Records from a dataset:
====
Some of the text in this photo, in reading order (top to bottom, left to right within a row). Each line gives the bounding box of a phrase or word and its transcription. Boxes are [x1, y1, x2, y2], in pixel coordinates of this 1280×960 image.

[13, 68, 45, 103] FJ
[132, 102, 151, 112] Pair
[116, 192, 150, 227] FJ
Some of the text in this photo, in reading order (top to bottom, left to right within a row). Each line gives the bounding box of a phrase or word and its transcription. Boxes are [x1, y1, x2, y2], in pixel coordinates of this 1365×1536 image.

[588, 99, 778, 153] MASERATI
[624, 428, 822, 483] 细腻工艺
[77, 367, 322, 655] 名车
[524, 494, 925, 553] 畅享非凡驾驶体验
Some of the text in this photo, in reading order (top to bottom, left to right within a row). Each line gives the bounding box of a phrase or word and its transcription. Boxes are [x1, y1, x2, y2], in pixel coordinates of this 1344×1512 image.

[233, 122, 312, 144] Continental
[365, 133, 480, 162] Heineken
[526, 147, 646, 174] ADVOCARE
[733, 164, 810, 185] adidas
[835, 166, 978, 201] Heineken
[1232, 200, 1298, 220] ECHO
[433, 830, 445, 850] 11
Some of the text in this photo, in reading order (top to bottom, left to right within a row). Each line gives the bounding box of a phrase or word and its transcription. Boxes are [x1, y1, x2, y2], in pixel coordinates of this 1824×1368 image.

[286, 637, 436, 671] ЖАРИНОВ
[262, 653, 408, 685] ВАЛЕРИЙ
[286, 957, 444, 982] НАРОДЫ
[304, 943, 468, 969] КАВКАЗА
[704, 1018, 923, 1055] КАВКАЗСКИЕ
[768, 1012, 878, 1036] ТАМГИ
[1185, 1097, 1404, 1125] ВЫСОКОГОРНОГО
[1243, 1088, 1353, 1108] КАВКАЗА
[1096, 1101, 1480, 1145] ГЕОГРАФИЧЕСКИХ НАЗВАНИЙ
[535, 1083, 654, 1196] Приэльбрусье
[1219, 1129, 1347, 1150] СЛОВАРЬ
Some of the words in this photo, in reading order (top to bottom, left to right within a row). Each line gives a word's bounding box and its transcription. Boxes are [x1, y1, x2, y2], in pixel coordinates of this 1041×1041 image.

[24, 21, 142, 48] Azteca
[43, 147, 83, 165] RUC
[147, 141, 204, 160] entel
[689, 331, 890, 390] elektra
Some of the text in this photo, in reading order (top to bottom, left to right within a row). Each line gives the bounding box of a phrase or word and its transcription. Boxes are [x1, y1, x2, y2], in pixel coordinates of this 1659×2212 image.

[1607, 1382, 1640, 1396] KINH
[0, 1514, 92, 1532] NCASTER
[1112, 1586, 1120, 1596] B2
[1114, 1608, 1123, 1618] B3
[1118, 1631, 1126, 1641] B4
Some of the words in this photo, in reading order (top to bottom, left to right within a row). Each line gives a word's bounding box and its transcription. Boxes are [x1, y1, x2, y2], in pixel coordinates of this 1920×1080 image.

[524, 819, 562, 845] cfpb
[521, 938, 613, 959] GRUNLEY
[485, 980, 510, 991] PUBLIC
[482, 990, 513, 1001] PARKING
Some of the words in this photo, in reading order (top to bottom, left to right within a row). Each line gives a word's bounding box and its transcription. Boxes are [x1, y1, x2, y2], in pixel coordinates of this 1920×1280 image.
====
WHAT TO PRODUCE
Your task is to copy exactly, and only, the lines from the line with "this 1659×2212 image." through the last line of the entries, both included.

RESPONSE AREA
Some of the text in this photo, in reading order (top to bottom, left to right within a row). Each line gives the bounding box of a phrase or word and its transcription. Boxes are [x1, y1, x2, y2], in pixel coordinates of this 1659×2212 image.

[1607, 1382, 1640, 1396] KINH
[0, 1514, 92, 1532] NCASTER
[1112, 1586, 1120, 1596] B2
[1114, 1608, 1123, 1618] B3
[1118, 1631, 1126, 1641] B4
Some of the words in this photo, in reading order (top to bottom, left to right within a row). Each line gives a word's bounding box and its transcription. Boxes are [x1, y1, x2, y2], in pixel coordinates of this 1920×1080 image.

[524, 819, 562, 845] cfpb
[521, 938, 613, 959] GRUNLEY
[485, 980, 510, 991] PUBLIC
[482, 990, 513, 1001] PARKING
Some of the words in this photo, in reading order (top to bottom, left to right within a row). Each line gives a word's bounding box and its transcription. Boxes are [x1, y1, x2, y2], in pixel coordinates of this 1920×1280 image.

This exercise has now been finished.